> _Exercise instructions_
Copy every entry exactly, but skip the pictures.

Segment Start: Data shown

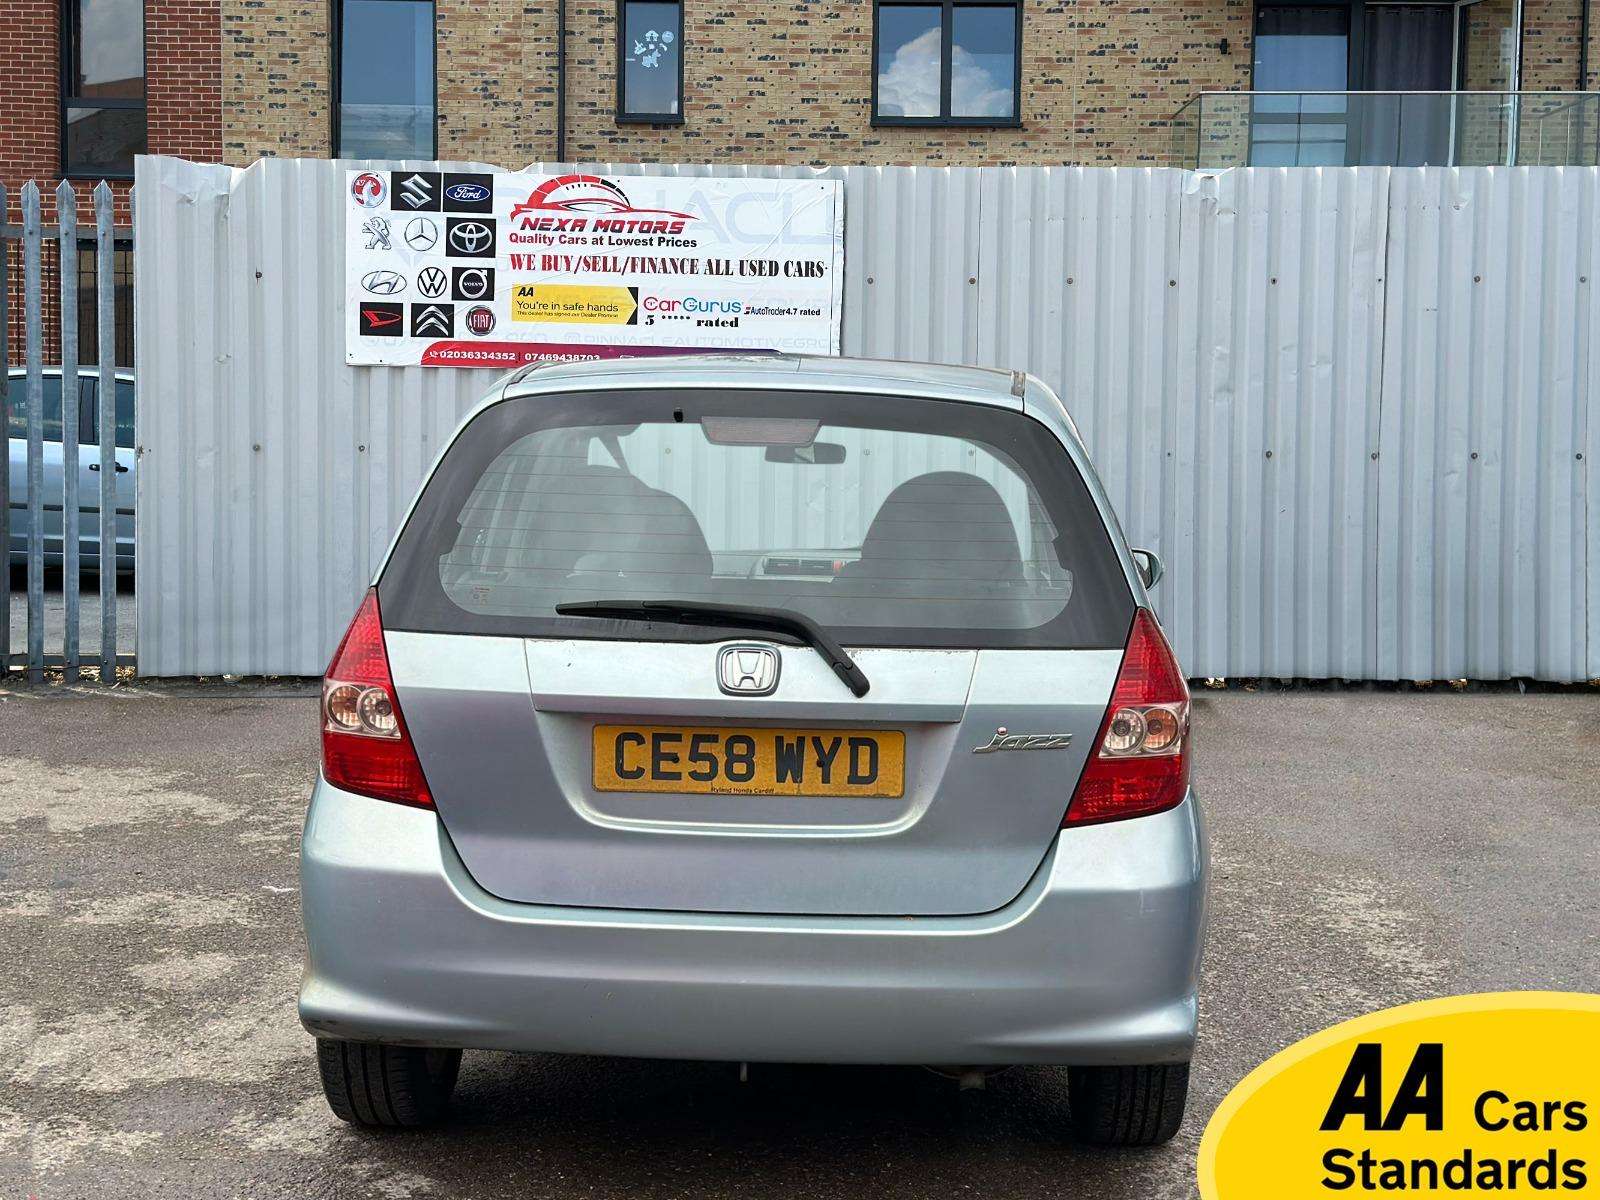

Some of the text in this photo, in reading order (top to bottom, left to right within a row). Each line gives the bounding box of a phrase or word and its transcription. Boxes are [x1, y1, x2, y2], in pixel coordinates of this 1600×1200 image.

[454, 187, 482, 199] Ford
[520, 217, 685, 234] NEXA MOTORS
[509, 232, 697, 248] Quality Cars at Lowest Prices
[510, 253, 536, 271] WE
[704, 258, 733, 276] ALL
[739, 259, 779, 277] USED
[784, 260, 825, 278] CARS
[518, 286, 534, 297] AA
[516, 300, 619, 312] You're in safe hands
[643, 296, 742, 313] CarGurus
[799, 308, 821, 316] rated
[473, 313, 490, 328] FIAT
[644, 314, 739, 328] 5 rated
[440, 350, 516, 361] 02036334352
[615, 731, 879, 785] CE58 WYD
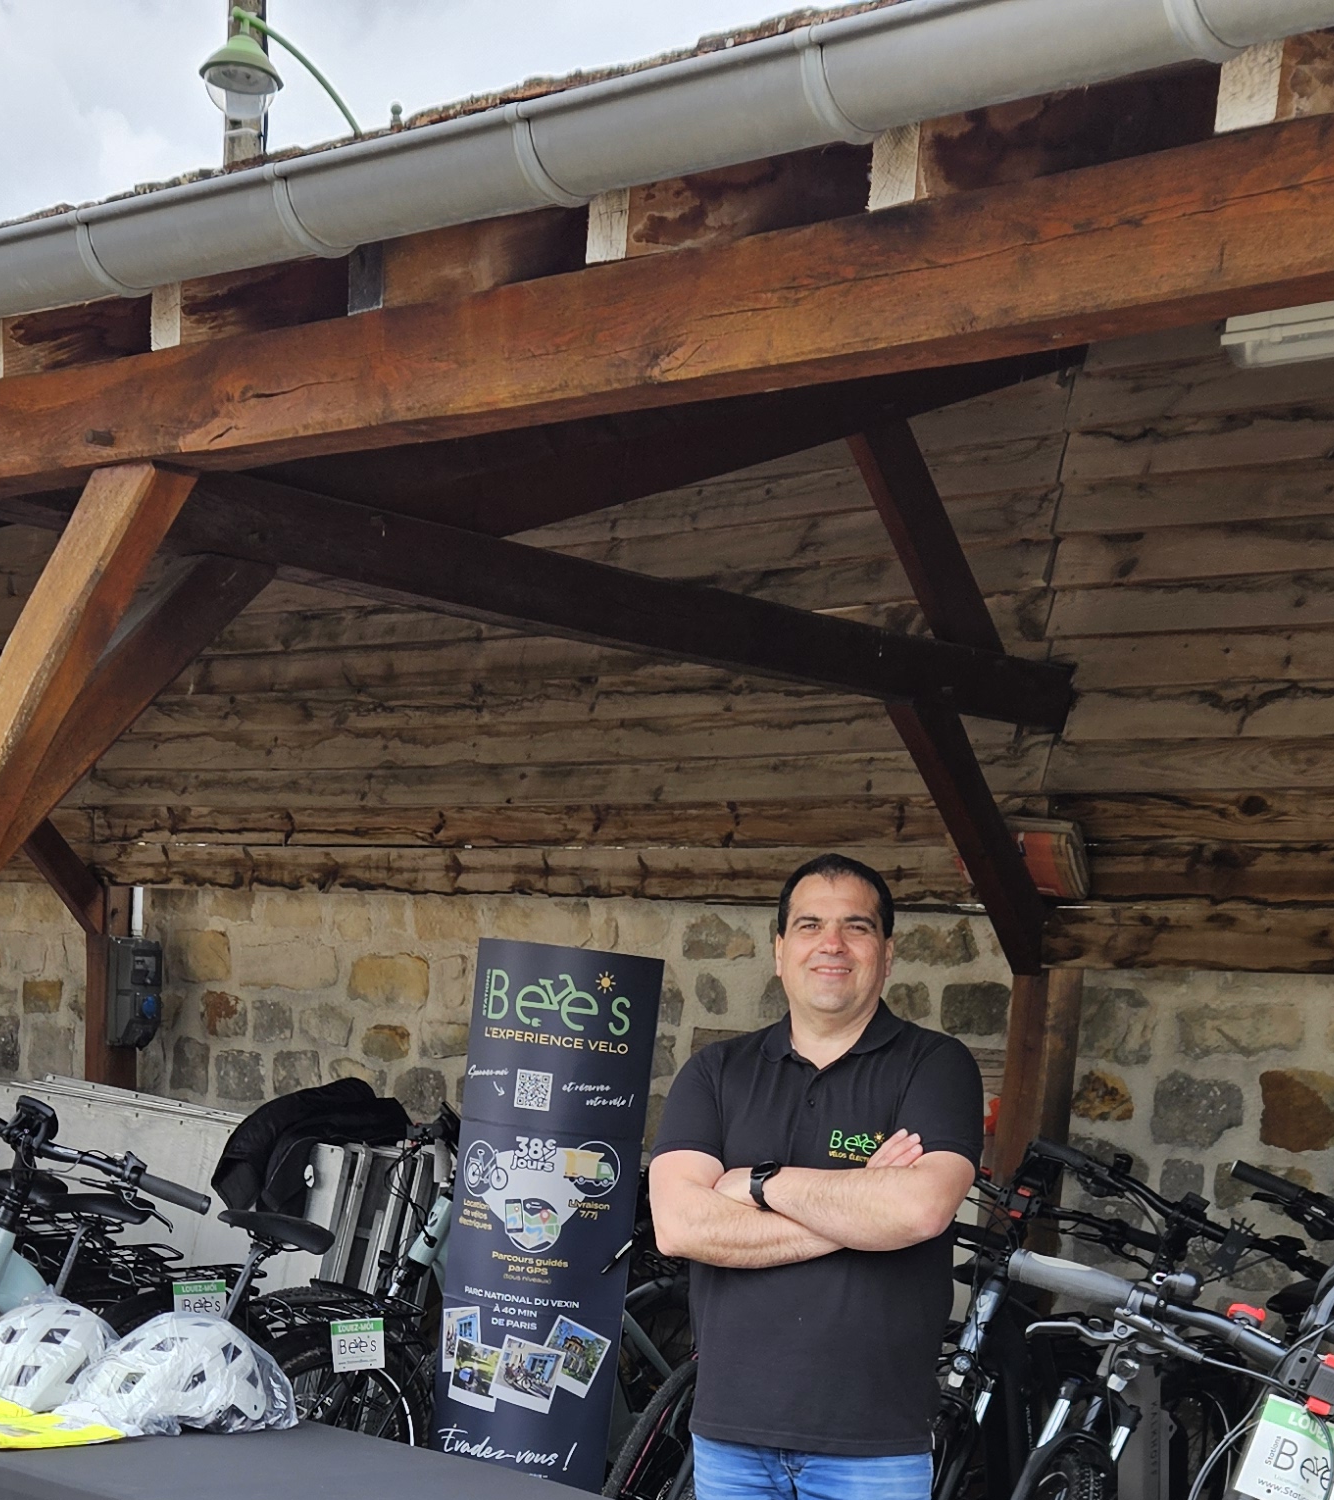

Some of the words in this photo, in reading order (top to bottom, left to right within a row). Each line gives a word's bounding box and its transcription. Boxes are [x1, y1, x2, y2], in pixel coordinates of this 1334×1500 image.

[484, 1026, 585, 1050] L'EXPERIENCE
[587, 1039, 630, 1056] VELO
[568, 1199, 610, 1211] Livraison
[491, 1250, 534, 1264] Parcours
[535, 1257, 569, 1268] guidés
[508, 1264, 525, 1273] par
[526, 1266, 549, 1276] GPS
[464, 1285, 484, 1297] PARC
[484, 1290, 533, 1305] NATIONAL
[534, 1298, 549, 1307] DU
[550, 1300, 580, 1309] VEXIN
[492, 1303, 501, 1314] À
[501, 1306, 516, 1315] 40
[517, 1309, 538, 1318] MIN
[491, 1317, 505, 1326] DE
[506, 1319, 538, 1331] PARIS
[437, 1423, 559, 1466] Évadez-vous
[1264, 1435, 1282, 1465] Stations
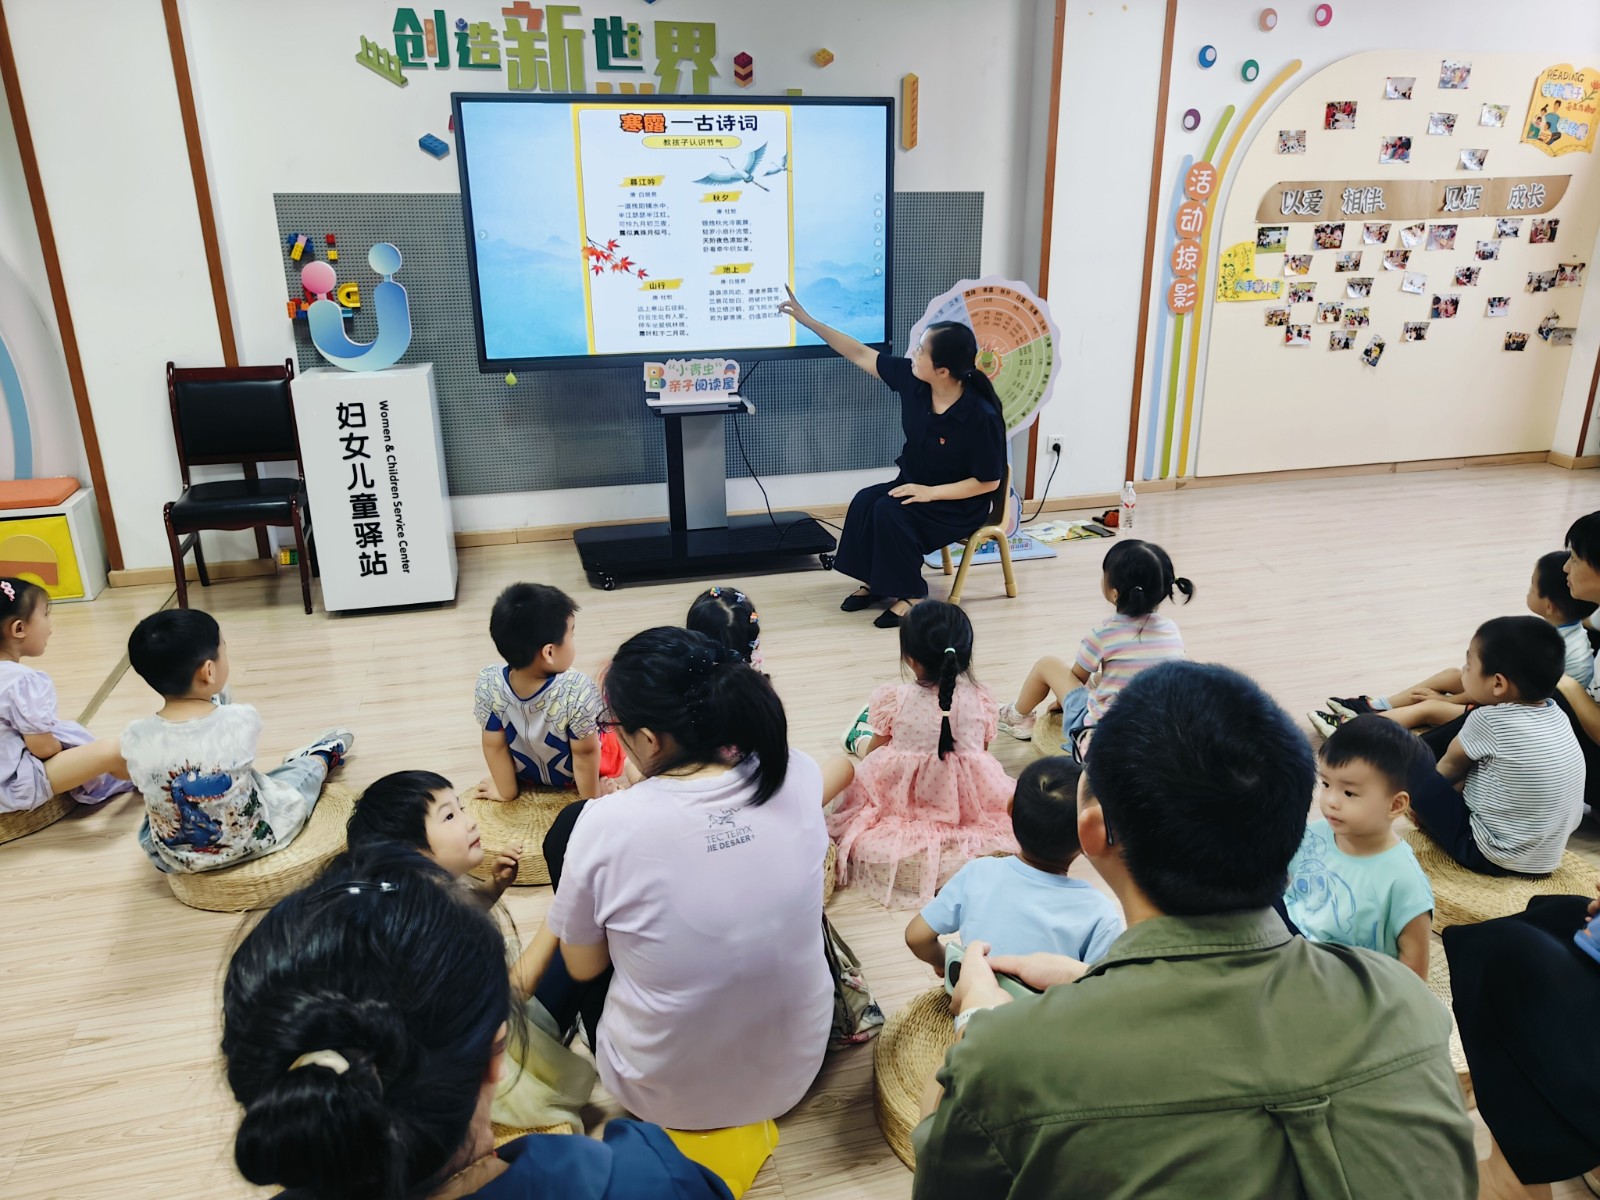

Segment End: Data shown

> _Response_
Some of the text in this photo, in reading order (top to bottom, left to right within a row). Each line gives the bounding box of a phrase or word and its transcription. Boxes are [x1, y1, x2, y2], in pixel coordinates of this 1600×1200 image.

[454, 187, 482, 199] Ford
[520, 217, 685, 234] NEXA MOTORS
[509, 232, 697, 248] Quality Cars at Lowest Prices
[510, 253, 536, 271] WE
[704, 258, 733, 276] ALL
[739, 259, 779, 277] USED
[784, 260, 825, 278] CARS
[518, 286, 534, 297] AA
[516, 300, 619, 312] You're in safe hands
[643, 296, 742, 313] CarGurus
[799, 308, 821, 316] rated
[473, 313, 490, 328] FIAT
[644, 314, 739, 328] 5 rated
[440, 350, 516, 361] 02036334352
[615, 731, 879, 785] CE58 WYD

Some of the words in this photo, in reading order (top to bottom, left to right within a row). Each line gives a word's bounding box and its transcription. Boxes are [x1, y1, x2, y2], in pixel coordinates of this 1334×1500 image.

[484, 1026, 585, 1050] L'EXPERIENCE
[587, 1039, 630, 1056] VELO
[568, 1199, 610, 1211] Livraison
[491, 1250, 534, 1264] Parcours
[535, 1257, 569, 1268] guidés
[508, 1264, 525, 1273] par
[526, 1266, 549, 1276] GPS
[464, 1285, 484, 1297] PARC
[484, 1290, 533, 1305] NATIONAL
[534, 1298, 549, 1307] DU
[550, 1300, 580, 1309] VEXIN
[492, 1303, 501, 1314] À
[501, 1306, 516, 1315] 40
[517, 1309, 538, 1318] MIN
[491, 1317, 505, 1326] DE
[506, 1319, 538, 1331] PARIS
[437, 1423, 559, 1466] Évadez-vous
[1264, 1435, 1282, 1465] Stations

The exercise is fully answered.